1
votes

I have written a Websphere MQ listener using Spring boot (JMS). I have configured the backout queue at queue level with threshold as 0

As part of program I am throwing JMSException immediately I receive message so that my message goes to back out queue.

The problem that I am facing is that message is getting continuously re-delivered to listener

JMSMessage class: jms_text
JMSType:          null
JMSDeliveryMode:  2
JMSExpiration:    0
JMSPriority:      0
JMSMessageID:     ID:414d51204d5148554244313020202020583e8e2b26af9905
JMSTimestamp:     1484639118180
JMSCorrelationID: null
JMSDestination:   null
JMSReplyTo:       null
JMSRedelivered:   true
JMSXAppID: WebSphere MQ Client for Java
JMSXDeliveryCount: 98
JMSXUserID: a450922     
JMS_IBM_Character_Set: UTF-8
JMS_IBM_Encoding: 546
JMS_IBM_Format: MQSTR   
JMS_IBM_MsgType: 8
JMS_IBM_PutApplType: 28
JMS_IBM_PutDate: 20170117
JMS_IBM_PutTime: 07451818



    @JmsListener(destination = "${ibm.mq.incomingqueue}", containerFactory = "defaultJmsListenerContainerFactory")
public void onMessage(TextMessage message) throws JMSException {

    System.out.println("Here" + message.toString());

    throw new JMSException("reason");

}
1
Till now I have investigated only the application logs not the queuemanager logs... Yes the same user have access to put the message in backout queueLalit Kumar
I will try it on friday and share my findings... thanks a lotLalit Kumar
Did setting the BOTHRESH to 1 or higher solve this issue? If this helped resolve your issue please accept my answer.JoshMc

1 Answers

2
votes

BOTHRESH must be greater than or equal to 1. Setting BOTHRESH to 0 disables it.

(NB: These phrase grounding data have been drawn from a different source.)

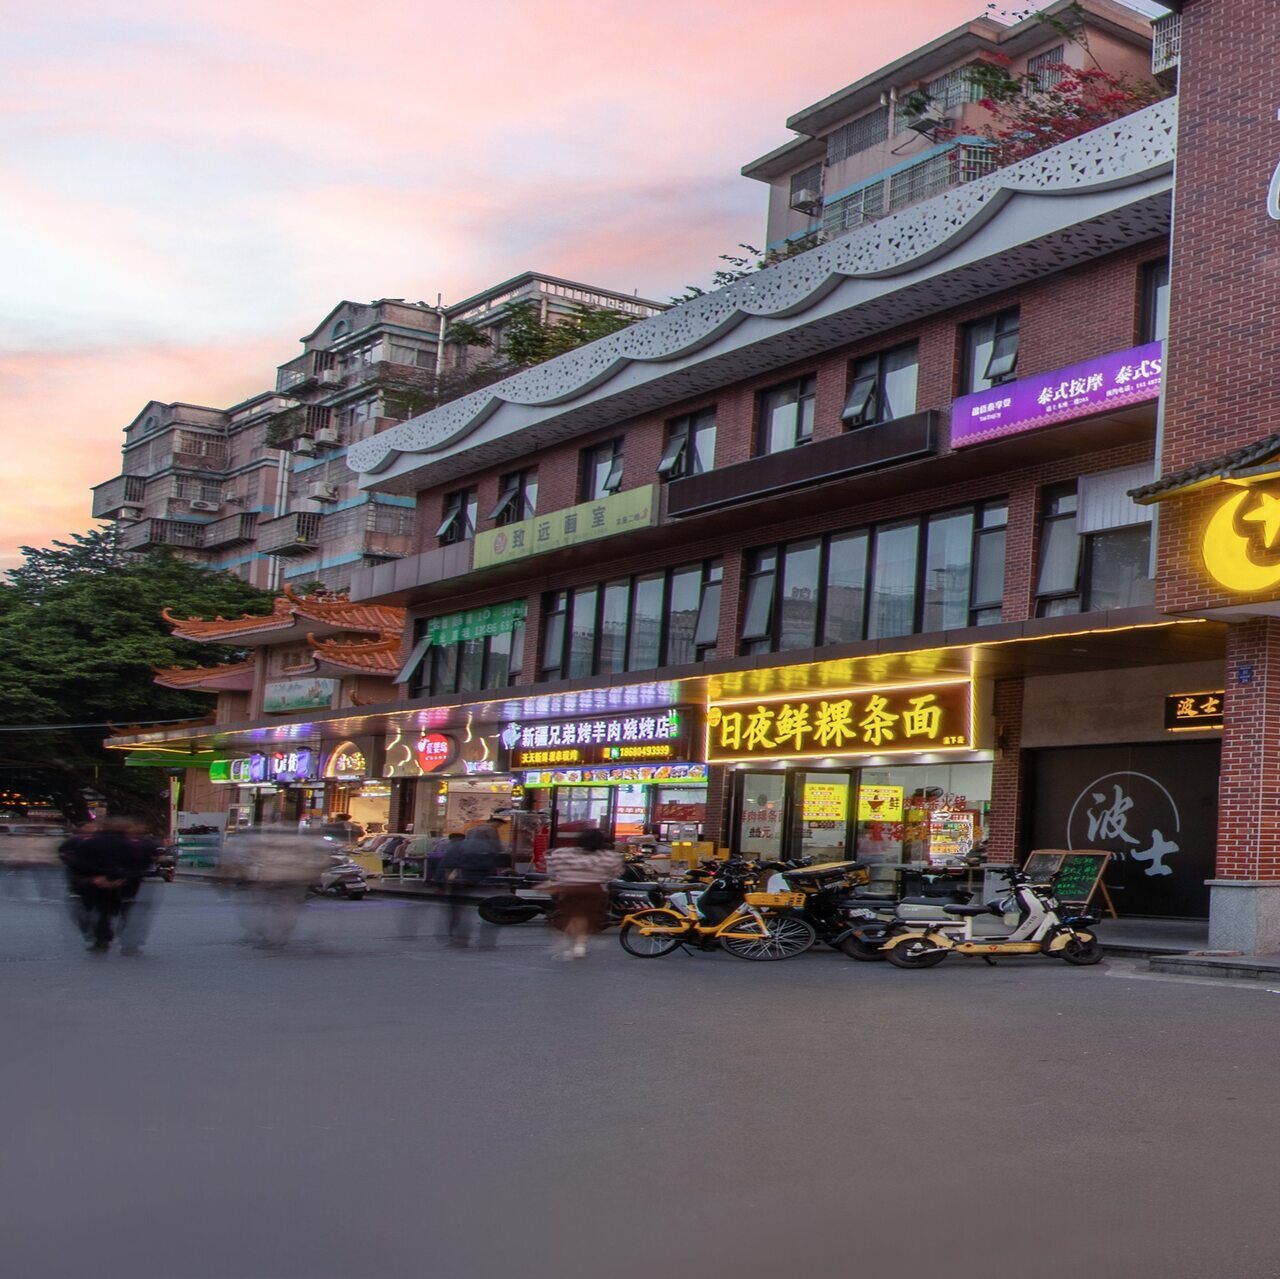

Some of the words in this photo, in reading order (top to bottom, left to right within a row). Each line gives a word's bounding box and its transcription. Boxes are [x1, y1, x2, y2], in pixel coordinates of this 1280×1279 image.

[1036, 372, 1104, 406] 泰式按摩
[521, 716, 671, 748] 新疆兄弟烤羊肉烧烤店
[720, 694, 942, 751] 日夜鲜粿条面
[1086, 783, 1181, 877] 波士
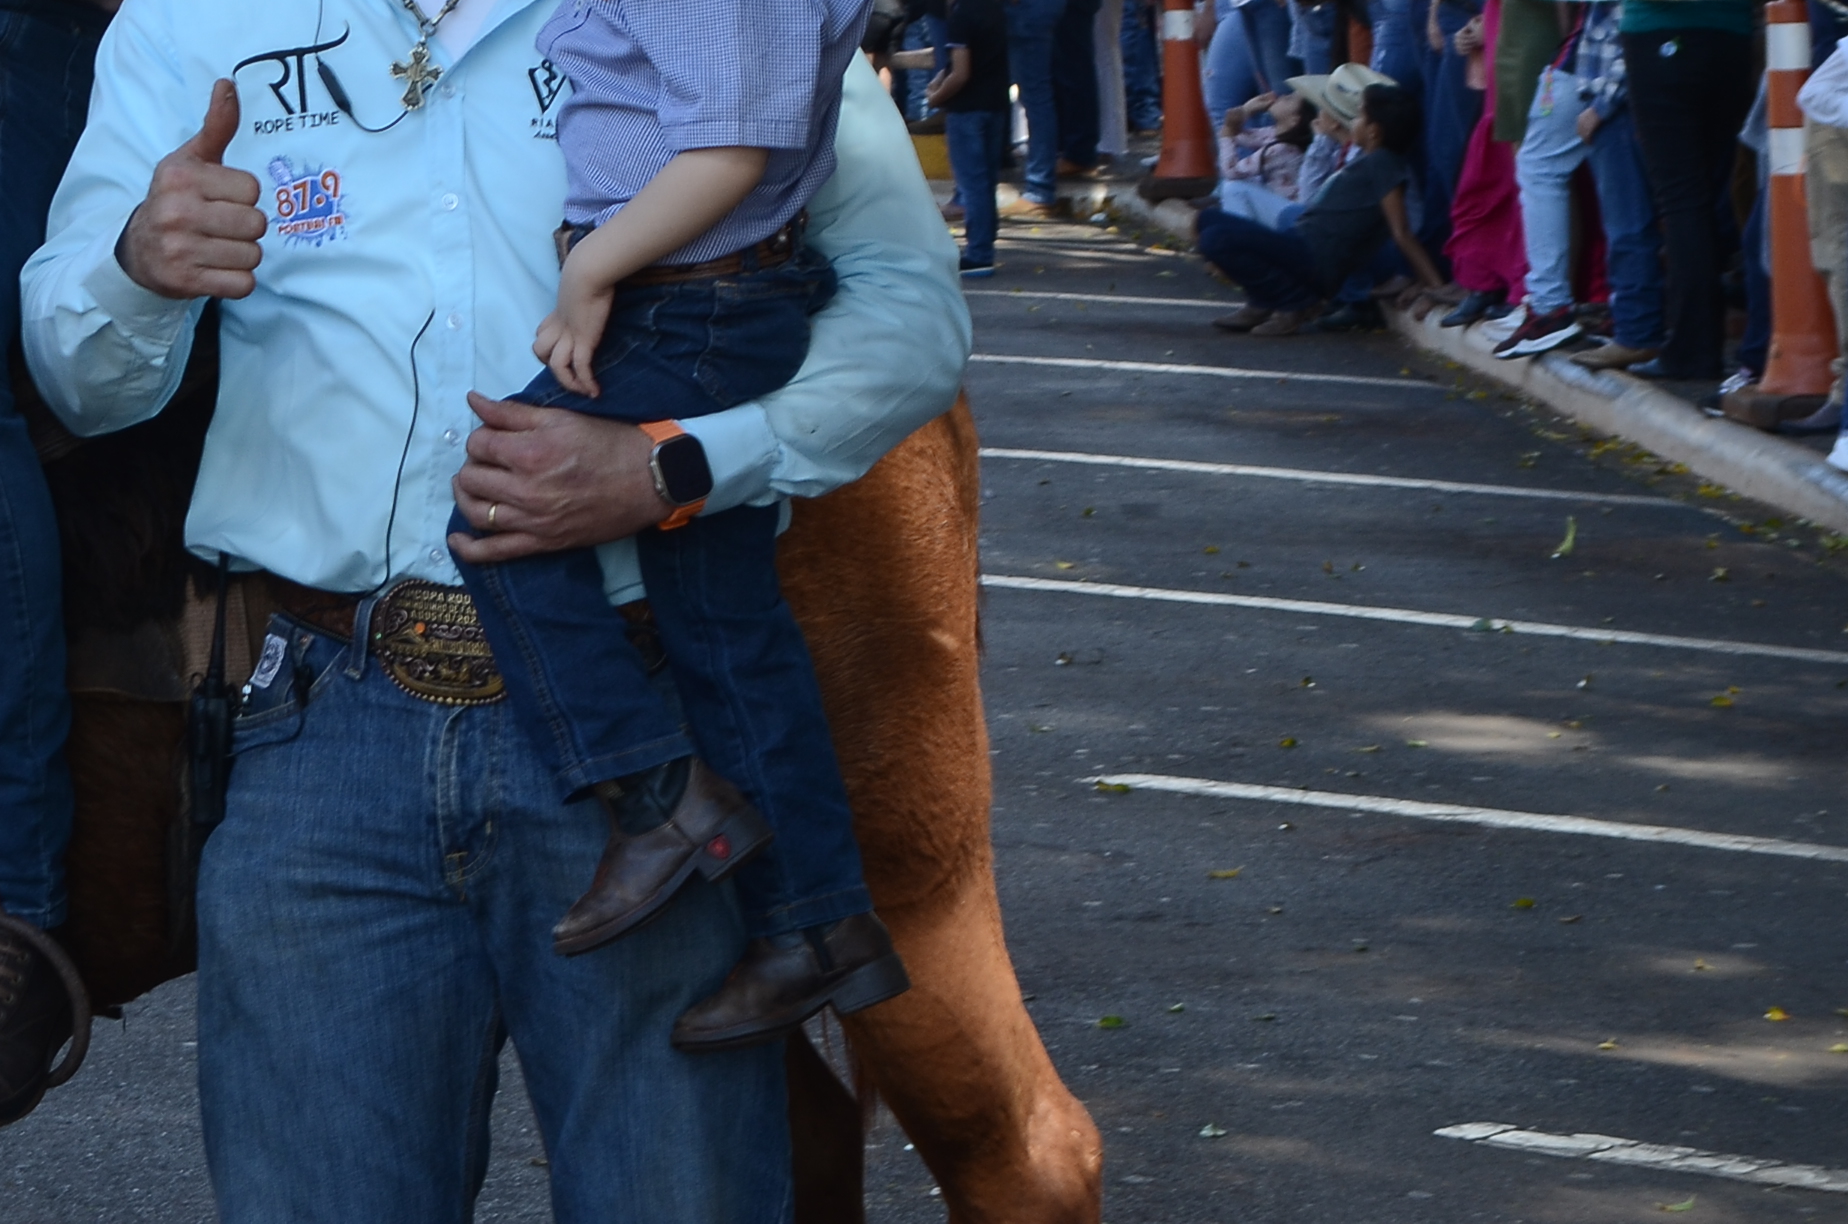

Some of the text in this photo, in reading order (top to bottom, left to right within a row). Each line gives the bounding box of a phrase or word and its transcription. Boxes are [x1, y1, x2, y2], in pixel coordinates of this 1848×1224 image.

[254, 111, 340, 135] ROPE TIME
[276, 169, 341, 218] 87.9
[414, 589, 445, 602] COPA
[447, 593, 474, 605] 200
[410, 609, 480, 626] AGOSTO/202
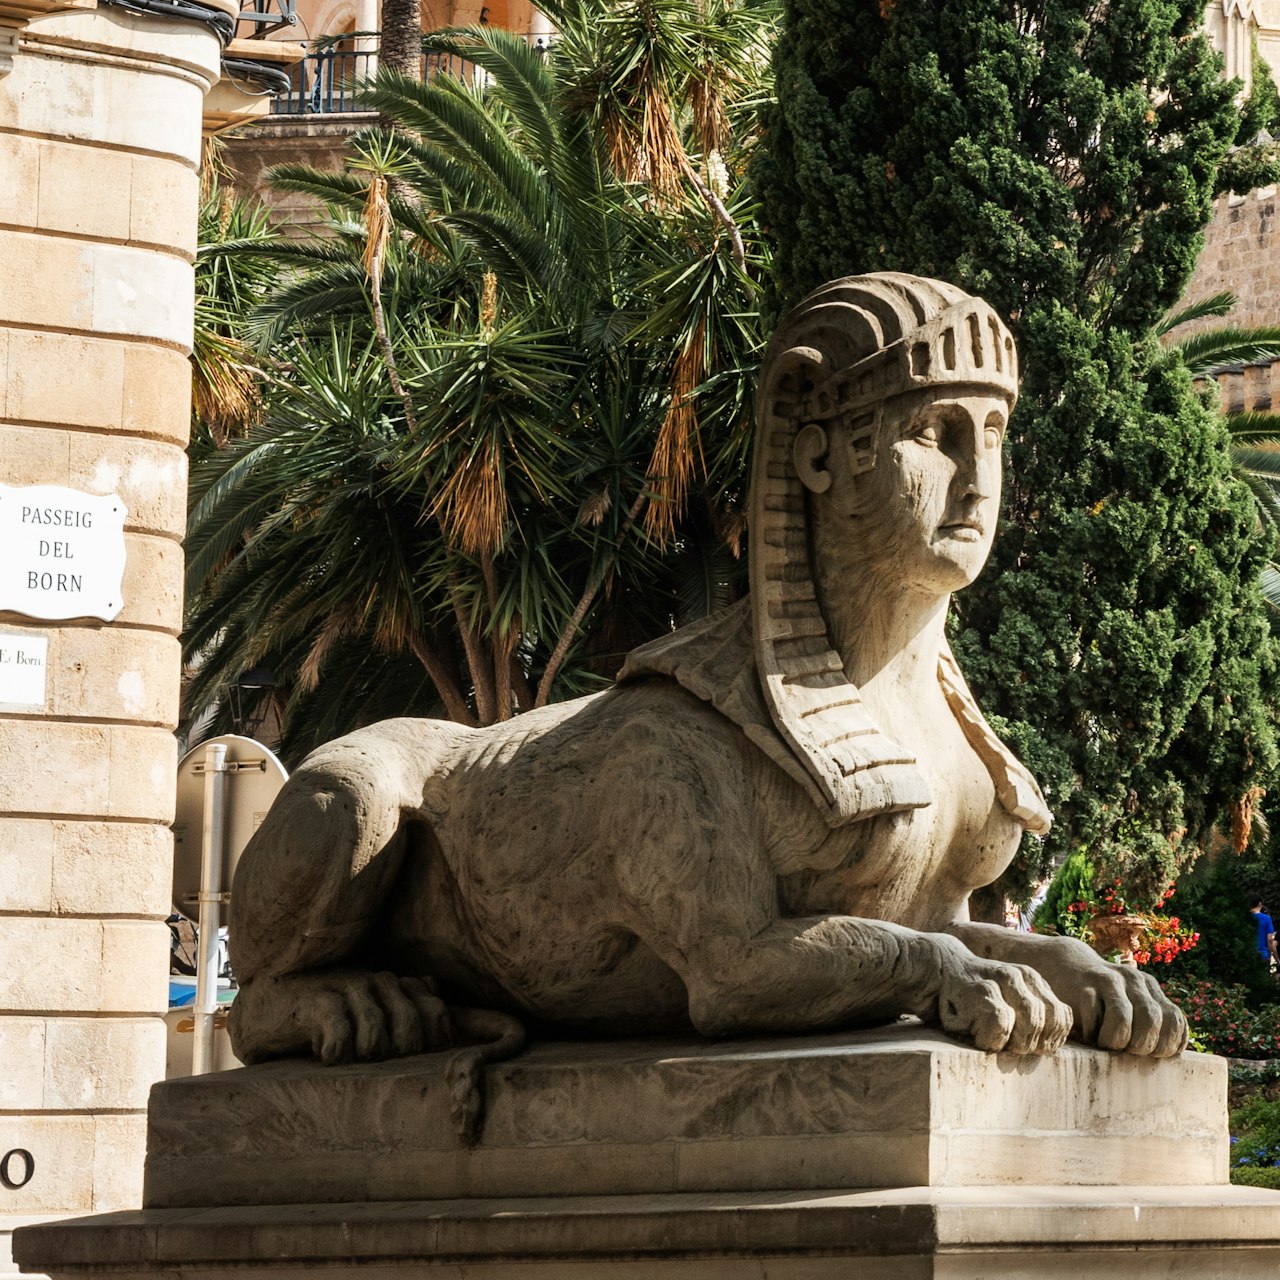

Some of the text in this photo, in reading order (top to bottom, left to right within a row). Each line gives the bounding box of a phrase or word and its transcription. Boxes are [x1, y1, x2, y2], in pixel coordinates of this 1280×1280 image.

[22, 506, 92, 528] PASSEIG
[39, 540, 74, 559] DEL
[28, 571, 82, 592] BORN
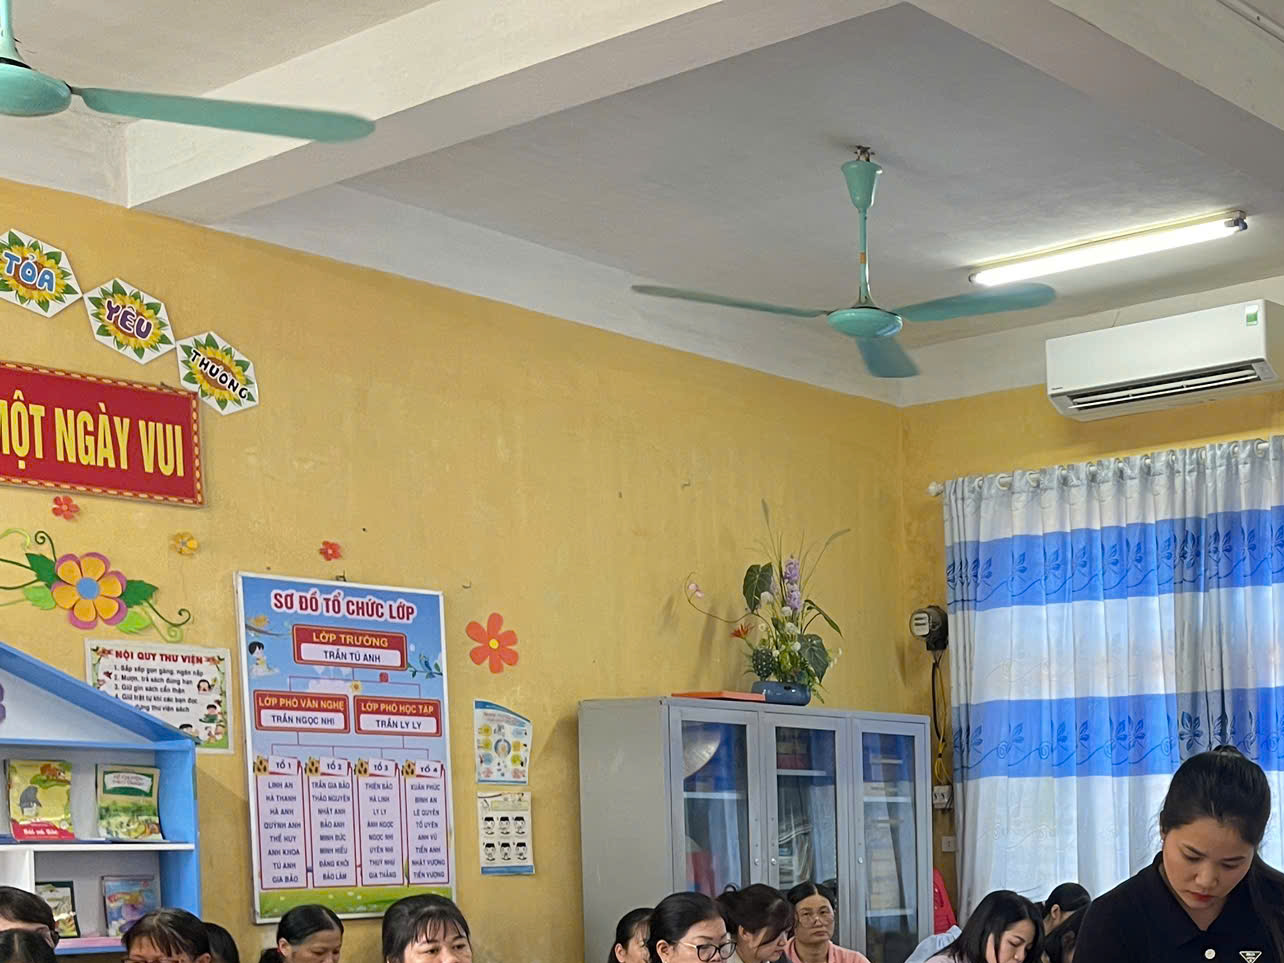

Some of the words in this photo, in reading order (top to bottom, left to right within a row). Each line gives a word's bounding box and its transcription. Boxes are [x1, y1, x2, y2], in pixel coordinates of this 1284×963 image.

[4, 252, 54, 292] TỎA
[106, 300, 152, 339] YÊU
[190, 350, 248, 399] THƯƠNG
[54, 402, 130, 470] NGÀY
[138, 419, 184, 477] VUI
[274, 592, 294, 610] SƠ
[346, 598, 385, 619] CHỨC
[388, 601, 415, 621] LỚP
[312, 631, 337, 643] LỚP
[115, 649, 134, 661] NỘI
[137, 651, 157, 661] QUY
[181, 654, 203, 665] VIỆN
[363, 653, 381, 663] ANH
[258, 696, 278, 707] LỚP
[361, 701, 379, 711] LỚP
[295, 715, 318, 725] NGỌC
[321, 717, 335, 725] NHI
[400, 721, 410, 729] LY
[412, 721, 422, 729] LY
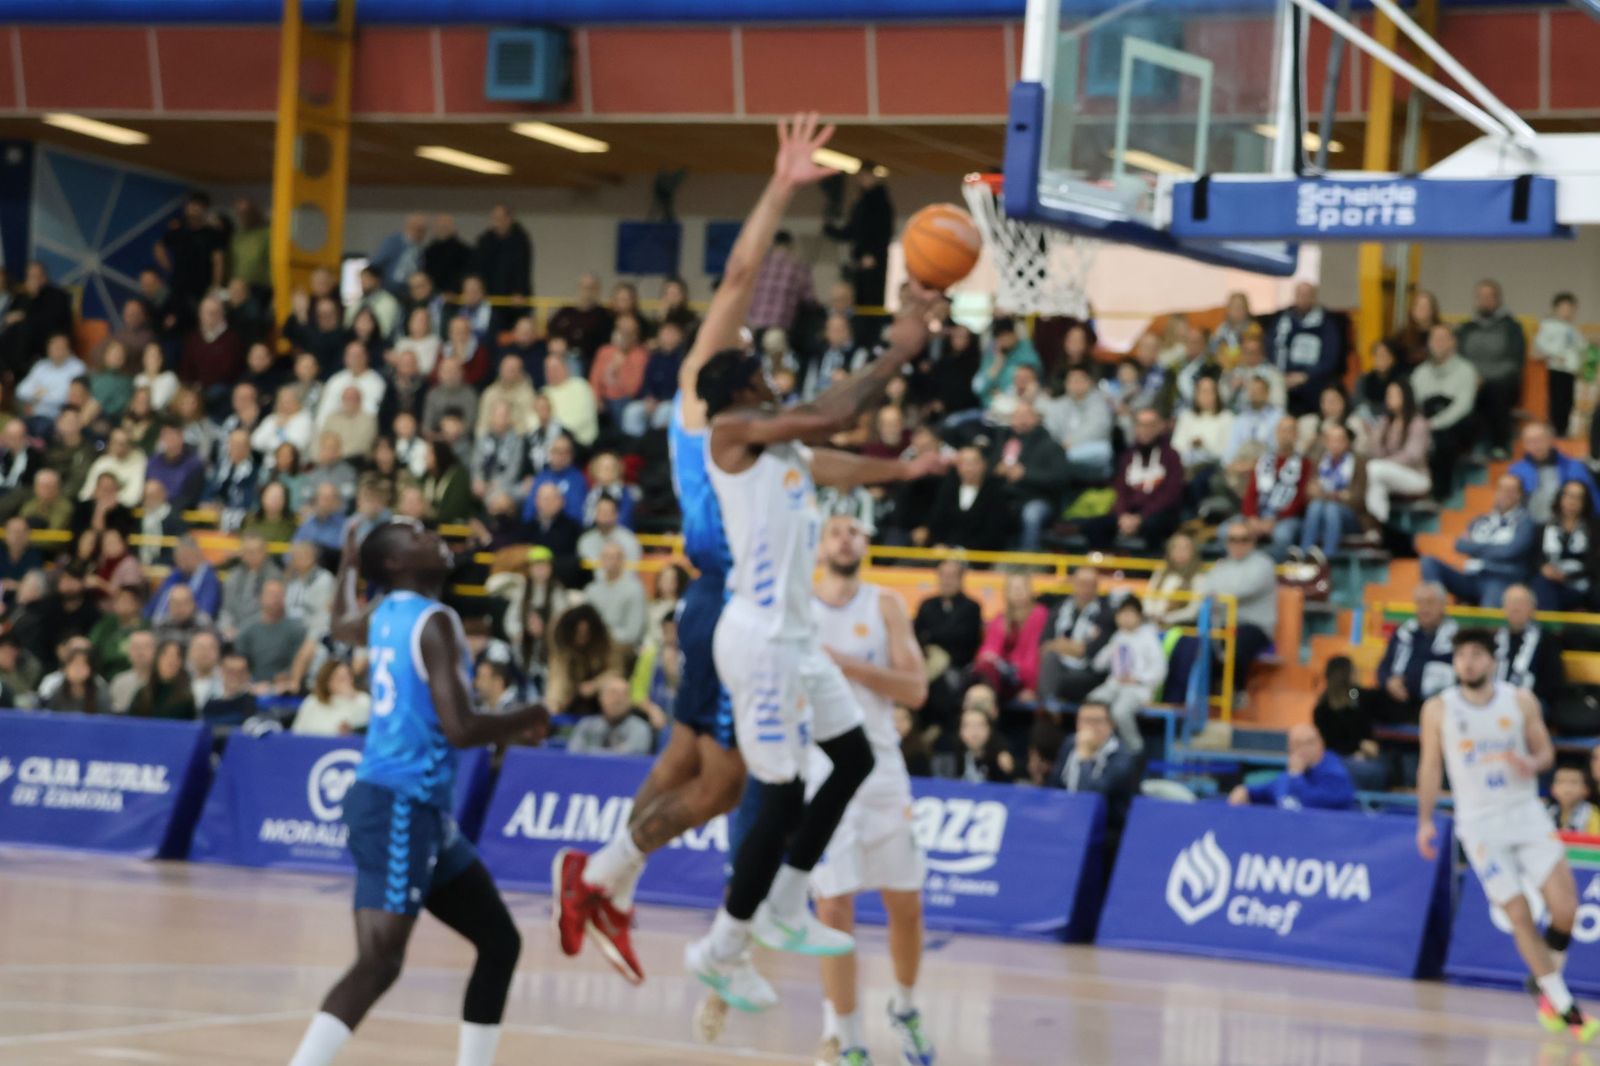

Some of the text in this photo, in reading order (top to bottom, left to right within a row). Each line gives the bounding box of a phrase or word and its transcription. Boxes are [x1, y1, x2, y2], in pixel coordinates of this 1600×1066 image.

[1297, 183, 1417, 206] Scheide
[1296, 206, 1417, 232] Sports
[18, 756, 170, 794] CAJA RURAL
[912, 796, 1008, 853] aza
[1234, 852, 1371, 902] INNOVA
[1227, 895, 1301, 936] Chef

Reference the How WebSphere Application Server handles poison messages by IBM's Paul Titheridge.

When WebSphere MQ is the JMS provider By default, queues created with WebSphere MQ have the Backout threshold property (known in WebSphere MQ terms as BOTHRESH) set to 0. Therefore, the default behaviour of WebSphere MQ is never to back out poison messages.